ASSIGNMENT =>
This exercise asks for an exact transcription of every entry.

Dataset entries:
/---
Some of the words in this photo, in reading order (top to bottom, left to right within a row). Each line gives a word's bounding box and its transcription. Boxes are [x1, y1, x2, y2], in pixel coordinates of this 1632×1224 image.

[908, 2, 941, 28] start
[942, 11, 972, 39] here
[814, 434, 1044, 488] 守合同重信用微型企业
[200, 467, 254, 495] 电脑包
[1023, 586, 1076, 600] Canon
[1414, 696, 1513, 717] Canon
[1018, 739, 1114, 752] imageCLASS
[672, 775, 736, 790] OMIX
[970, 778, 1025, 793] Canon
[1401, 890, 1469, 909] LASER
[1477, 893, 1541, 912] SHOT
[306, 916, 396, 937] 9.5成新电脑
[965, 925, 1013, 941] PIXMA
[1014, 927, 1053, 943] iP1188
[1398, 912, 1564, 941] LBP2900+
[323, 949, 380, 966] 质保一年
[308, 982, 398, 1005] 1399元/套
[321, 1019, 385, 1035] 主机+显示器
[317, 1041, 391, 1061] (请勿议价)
\---
REPLY TO THE TASK =>
Some of the words in this photo, in reading order (top to bottom, left to right within a row). Each line gives a word's bounding box and its transcription. Boxes are [x1, y1, x2, y2], in pixel coordinates of this 1632×1224 image.

[908, 2, 941, 28] start
[942, 11, 972, 39] here
[814, 434, 1044, 488] 守合同重信用微型企业
[200, 467, 254, 495] 电脑包
[1023, 586, 1076, 600] Canon
[1414, 696, 1513, 717] Canon
[1018, 739, 1114, 752] imageCLASS
[672, 775, 736, 790] OMIX
[970, 778, 1025, 793] Canon
[1401, 890, 1469, 909] LASER
[1477, 893, 1541, 912] SHOT
[306, 916, 396, 937] 9.5成新电脑
[965, 925, 1013, 941] PIXMA
[1014, 927, 1053, 943] iP1188
[1398, 912, 1564, 941] LBP2900+
[323, 949, 380, 966] 质保一年
[308, 982, 398, 1005] 1399元/套
[321, 1019, 385, 1035] 主机+显示器
[317, 1041, 391, 1061] (请勿议价)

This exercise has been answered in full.